In a companion piece in the Washington Times, the AP’s Bob Lewis wrote:

“Slightly more than $1.5 billion in federal cash was used to offset a $3.7 billion shortfall and restore many state health care, educational and public safety cuts Gov. Timothy M. Kaine proposed in December.

“Without the stimulus money, Kaine said, state workers faced "massive furloughs and layoffs."

"If anybody wonders whether the stimulus packaged mattered, whether the recovery package mattered, 7,100 people are going to have jobs with state government," said Kaine, who is also Democratic national chairman.”

Speaking of “stimulus” money, the Richmond Times-Dispatch reports:

“A total of $365 million in stimulus money will go to K-12 education to substitute for declining basic-aid payments to education. The budget puts off until next year a decision on one of the more contentious proposals favored by Kaine and the House: limits on non-instructional staff at public schools.

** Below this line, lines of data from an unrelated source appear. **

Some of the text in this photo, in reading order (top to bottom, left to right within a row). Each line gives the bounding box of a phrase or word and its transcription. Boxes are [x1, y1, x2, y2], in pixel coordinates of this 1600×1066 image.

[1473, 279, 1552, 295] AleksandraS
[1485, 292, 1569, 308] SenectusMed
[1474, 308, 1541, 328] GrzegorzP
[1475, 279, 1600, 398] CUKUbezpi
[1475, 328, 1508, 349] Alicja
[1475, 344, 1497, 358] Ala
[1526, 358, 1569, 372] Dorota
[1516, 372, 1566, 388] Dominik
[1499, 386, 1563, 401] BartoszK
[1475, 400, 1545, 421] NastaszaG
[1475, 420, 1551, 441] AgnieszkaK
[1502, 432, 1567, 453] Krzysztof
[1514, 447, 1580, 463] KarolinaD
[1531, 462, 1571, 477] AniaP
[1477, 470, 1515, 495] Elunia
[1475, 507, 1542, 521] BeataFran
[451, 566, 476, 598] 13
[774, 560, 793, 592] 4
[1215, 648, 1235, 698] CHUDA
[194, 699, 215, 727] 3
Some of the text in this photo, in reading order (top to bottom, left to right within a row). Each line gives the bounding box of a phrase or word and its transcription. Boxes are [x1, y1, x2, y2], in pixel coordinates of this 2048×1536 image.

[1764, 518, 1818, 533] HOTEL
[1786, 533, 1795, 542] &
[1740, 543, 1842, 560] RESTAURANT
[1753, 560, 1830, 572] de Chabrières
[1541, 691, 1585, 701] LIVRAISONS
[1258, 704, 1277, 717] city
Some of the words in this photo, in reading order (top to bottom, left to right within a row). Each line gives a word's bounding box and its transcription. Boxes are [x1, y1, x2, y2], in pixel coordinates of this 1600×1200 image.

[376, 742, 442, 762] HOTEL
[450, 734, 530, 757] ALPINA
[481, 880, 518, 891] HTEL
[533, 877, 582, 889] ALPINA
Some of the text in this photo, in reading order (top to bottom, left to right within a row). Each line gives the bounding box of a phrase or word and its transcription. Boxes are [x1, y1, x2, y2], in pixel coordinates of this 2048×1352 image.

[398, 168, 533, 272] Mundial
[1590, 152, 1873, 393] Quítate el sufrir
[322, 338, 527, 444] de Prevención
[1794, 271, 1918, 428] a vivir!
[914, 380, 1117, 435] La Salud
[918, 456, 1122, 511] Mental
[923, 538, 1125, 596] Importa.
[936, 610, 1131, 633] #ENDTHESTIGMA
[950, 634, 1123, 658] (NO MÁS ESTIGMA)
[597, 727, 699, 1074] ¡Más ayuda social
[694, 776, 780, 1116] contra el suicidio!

“The largest chunk of Obama-initiated assistance -- $962 million -- will be used to plug a hole in Medicaid, which provides health care for the aged and poor.”

And on the importance of that federal money, the Times-Dispatch reported that Del. Ken Plum (D-Fairfax), chairman of the House Democratic Caucus said "The stimulus package is our salvation.” Sounds like political talk for “that sure saved us from having to make tough budget decisions.”

More on the budget (House Bill 1600), and the voting on the various amendments, is available at the General Assembly website. Here is the Virginian-Pilot’s take on the budget bill. Finally, the Washington Post reports, “Lawmakers agreed to put $160 million in reserve for future economic problems” and also “limited the number of support staffers at public schools next year, saving $340 million, and altered the timetable for large retailers to send sales taxes to the state, recouping $100 million."